Gervaise suspiró, y se puso de costado, apoyándose en el codo.
– Eres perspicaz, Elsbeth. Ves muchas cosas. -Comprobó que sus fáciles palabras la complacían. Ella sería cualquier cosa que él quisiera, haría lo que él le pidiese. Eso era lo que rogaba, al menos. Calculó con cuidado las siguientes palabras, y al fin, dijo-: Debes saber que el conde y yo no nos llevamos demasiado bien. Su antipatía hacia mí crece cada día. Estoy seguro de que, si pudiese, me mataría. No, no, Elsbeth, está bien. Puedo enfrentarme al conde. Me pregunto por qué no me ha ordenado que me marche, pues no me lo ha pedido, ¿sabes? Es extraño. No lo entiendo, ni sé por qué me odia. Yo no le he hecho ningún daño.
Elsbeth no pudo contenerse:
– ¡Matarte, oh, no! Eso es ir demasiado lejos. Además, tú no lo permitirías. Eres valiente, fuerte e inteligente. Él no es nada, comparado contigo. No permitirás que nadie te haga daño. Lo odio. ¿Qué vamos a hacer?

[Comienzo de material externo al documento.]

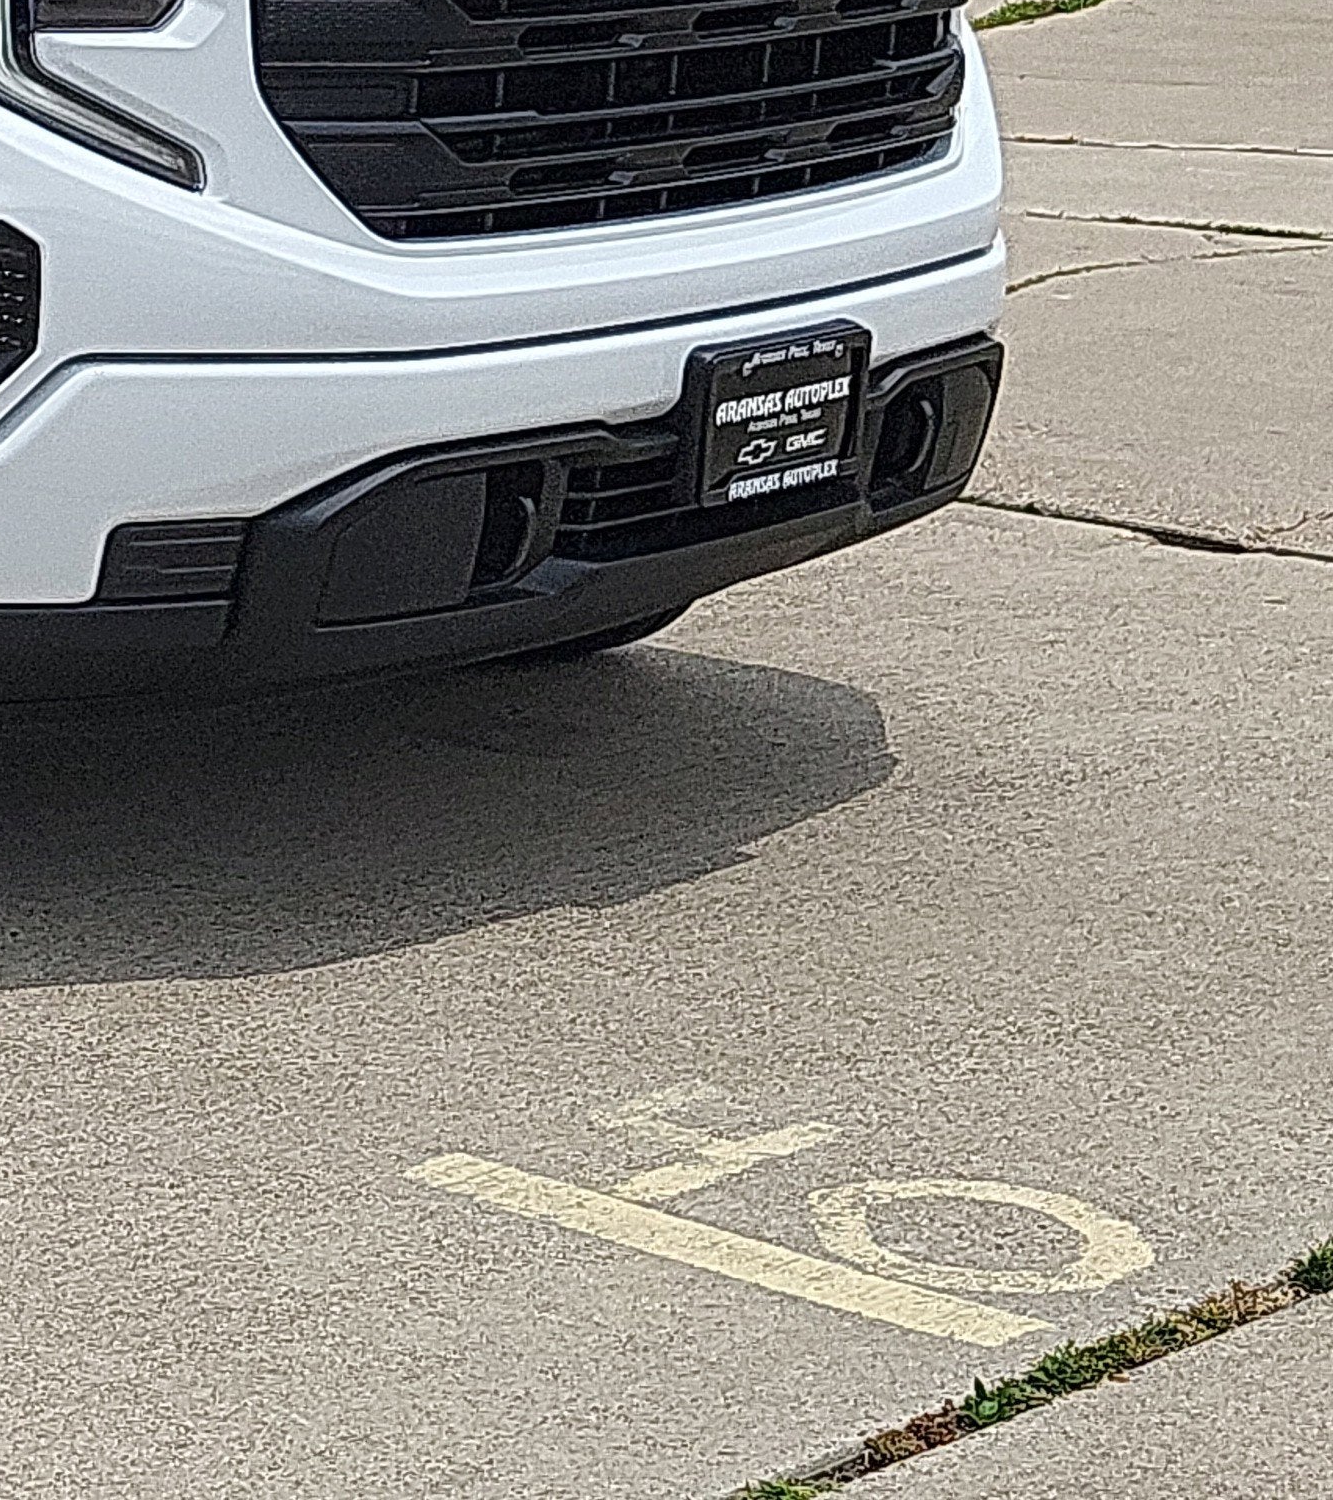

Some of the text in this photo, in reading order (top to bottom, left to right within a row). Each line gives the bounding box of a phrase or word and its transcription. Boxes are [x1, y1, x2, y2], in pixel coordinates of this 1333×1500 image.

[716, 375, 852, 426] ARANSAS AUTOPLEX
[786, 428, 828, 452] GMC
[728, 458, 839, 502] ARANSAS AUTOPLEX

Tan apasionada era la muchacha, que creía todo lo que él decía. Se sorprendió pensando en esa pasión, en que quizá él no la había visto tal como era, pero ahora, al escucharla, supo que la pasión era real, muy real. Y comprendió que era así en todo. Le sonrió: ya podía estar seguro de ella.
Elsbeth le aferró la manga.
– Te odia porque está celoso de ti, Gervaise, lo sé. Ve que tú eres todo lo que él no es. Te desprecia por ello. Oh, Dios, ¿qué vamos a hacer?

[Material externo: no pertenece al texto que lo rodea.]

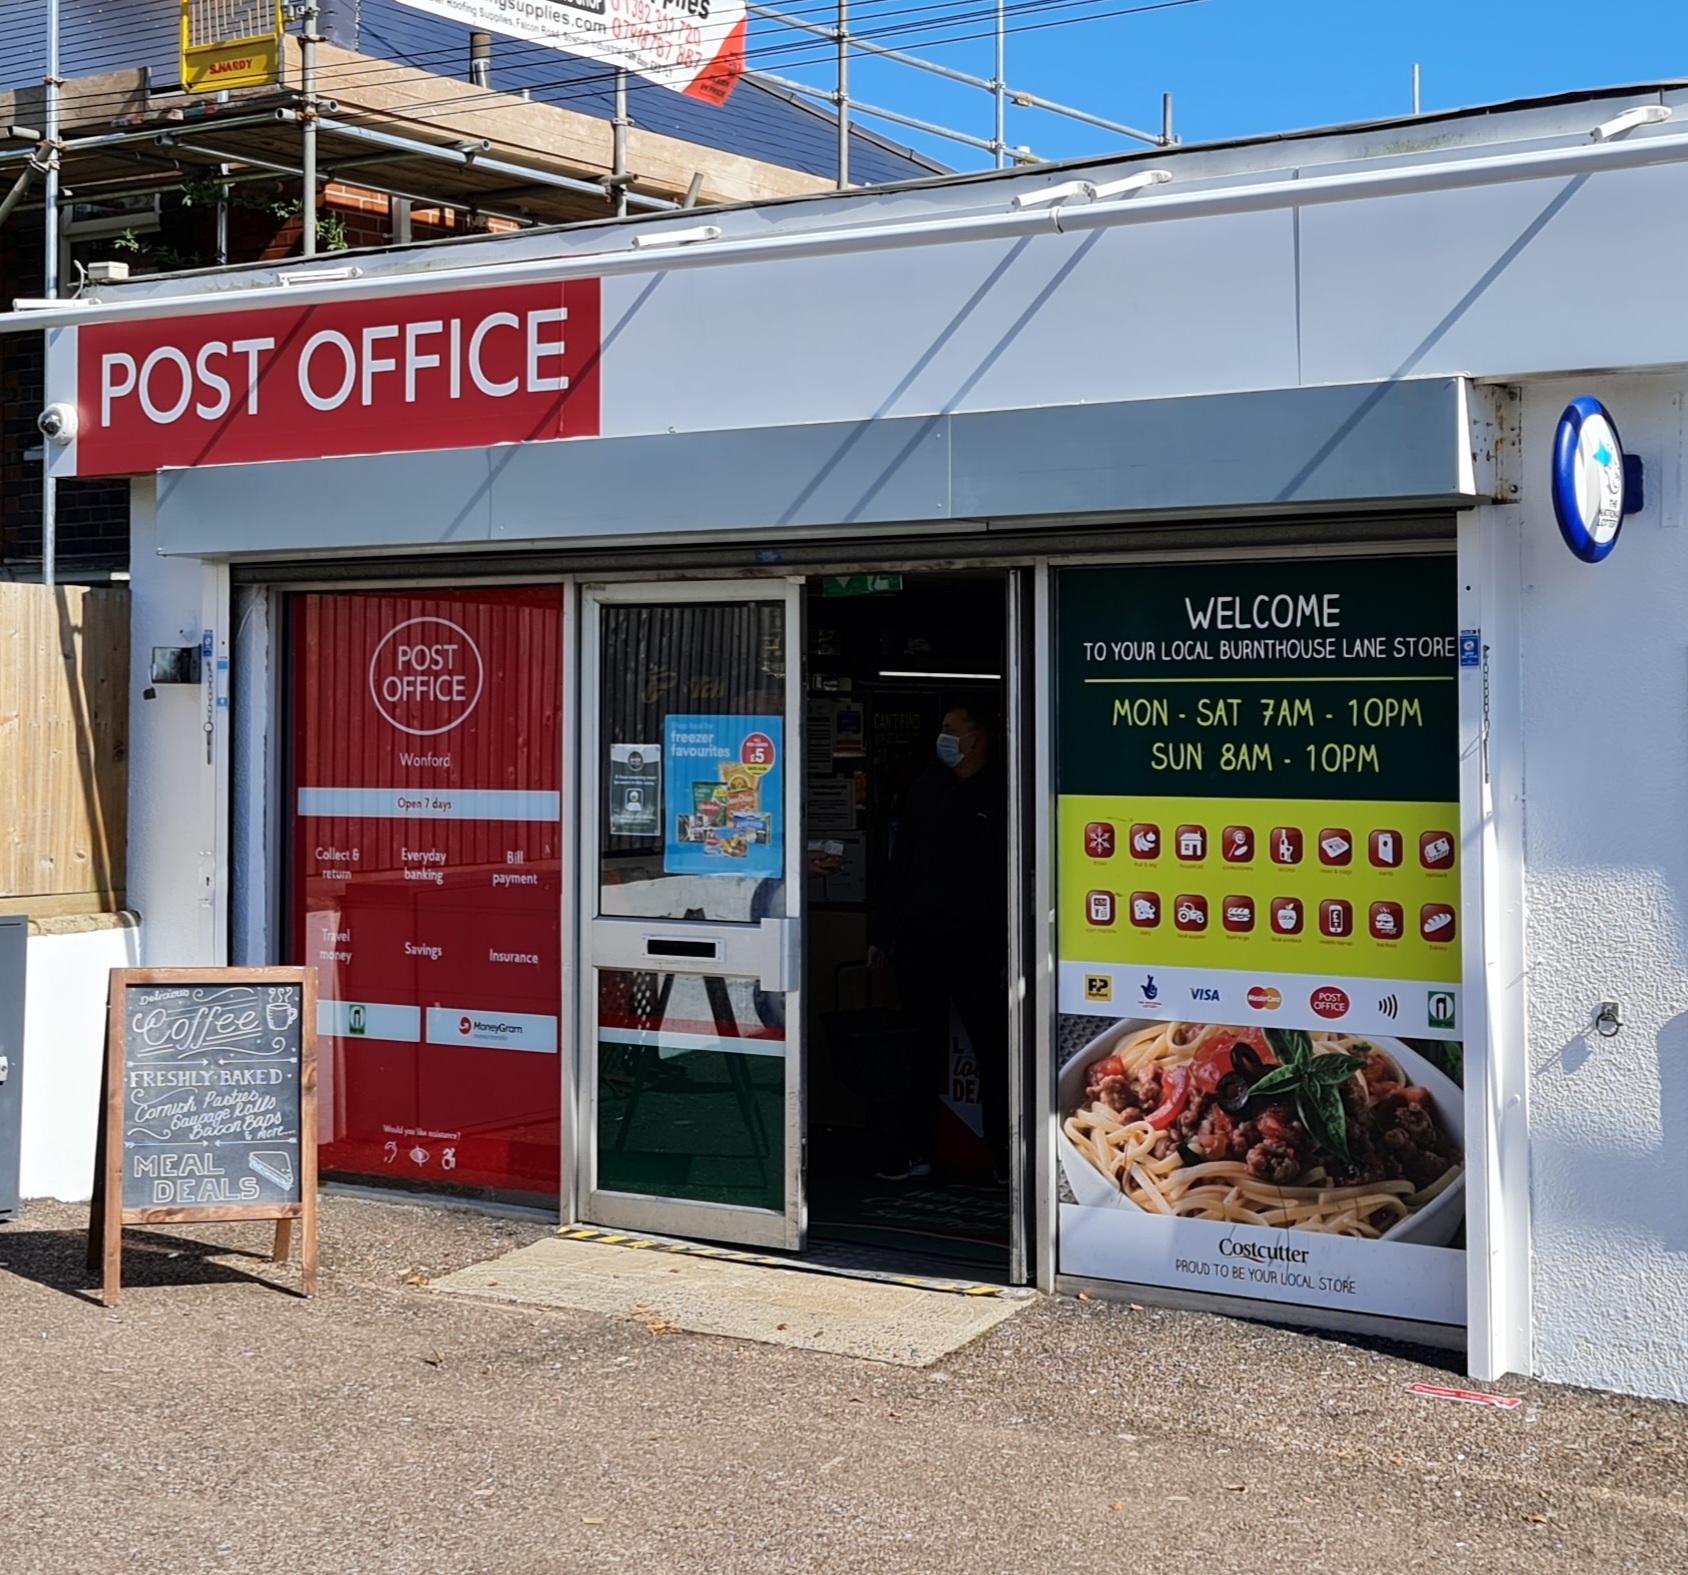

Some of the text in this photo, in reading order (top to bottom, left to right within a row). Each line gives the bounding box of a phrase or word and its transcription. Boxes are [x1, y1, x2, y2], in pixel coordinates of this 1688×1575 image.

[101, 307, 569, 427] POST OFFICE
[1184, 593, 1341, 630] WELCOME
[398, 644, 458, 671] POST
[1083, 636, 1456, 662] TO YOUR LOCAL BURNTHOUSE LANE STORE
[383, 675, 466, 702] OFFICE
[1112, 698, 1168, 727] MON
[1196, 698, 1242, 727] SAT
[1260, 698, 1315, 727] 7AM
[1347, 697, 1423, 727] 10PM
[670, 729, 714, 744] freezer
[400, 752, 451, 767] Wonford
[670, 743, 731, 758] favourites
[1151, 742, 1202, 771] SUN
[1220, 742, 1273, 772] 8AM
[1306, 743, 1380, 773] 10PM
[397, 797, 452, 811] Open 7 days
[315, 847, 360, 861] Collect &
[401, 848, 447, 866] Everyday
[507, 851, 524, 864] Bill
[322, 868, 352, 880] return
[404, 868, 444, 885] banking
[493, 873, 538, 887] payment
[322, 928, 350, 942] Travel
[319, 951, 352, 965] money
[404, 941, 443, 960] Savings
[489, 948, 539, 964] Insurance
[139, 989, 190, 1005] Delicious
[1190, 988, 1220, 1001] VISA
[1318, 992, 1343, 1002] POST
[1314, 1002, 1345, 1012] OFFICE
[132, 1006, 259, 1050] Coffee
[473, 1021, 523, 1034] MoneyGram
[130, 1068, 283, 1088] FRESHLY BAKED
[135, 1087, 259, 1123] Cornish Pasties
[171, 1095, 276, 1130] Sausage Rolls
[189, 1110, 282, 1140] Bacon Baps
[133, 1152, 225, 1178] MEAL
[153, 1176, 261, 1204] DEALS
[1219, 1237, 1310, 1264] Costcutter
[1175, 1258, 1357, 1295] PROUD TO BE YOUR LOCAL STORE

Muy satisfecho, el conde francés le dedicó una sonrisa tierna, un poco amarga, y dijo con suavidad.
– Elsbeth, siempre eres sensible hacia los sentimientos de los que te rodean. Tal vez tengas razón con respecto al conde, quizá tenga algo que lo haga sentirse menos hombre cuando yo estoy cerca. Pero no importa. Evesham Abbey le pertenece, y yo no soy más que un invitado. En cualquier momento, podría retirarme la invitación. -Sacudió la cabeza, como para librarse del dolor, y apretó las manos pequeñas de la muchacha entre las suyas-. En todo caso, hace un rato, en cierto modo me ordenó que me marchara de Evesham Abbey para el fin de semana. Nuestro tiempo compartido toca a su fin, mi amor.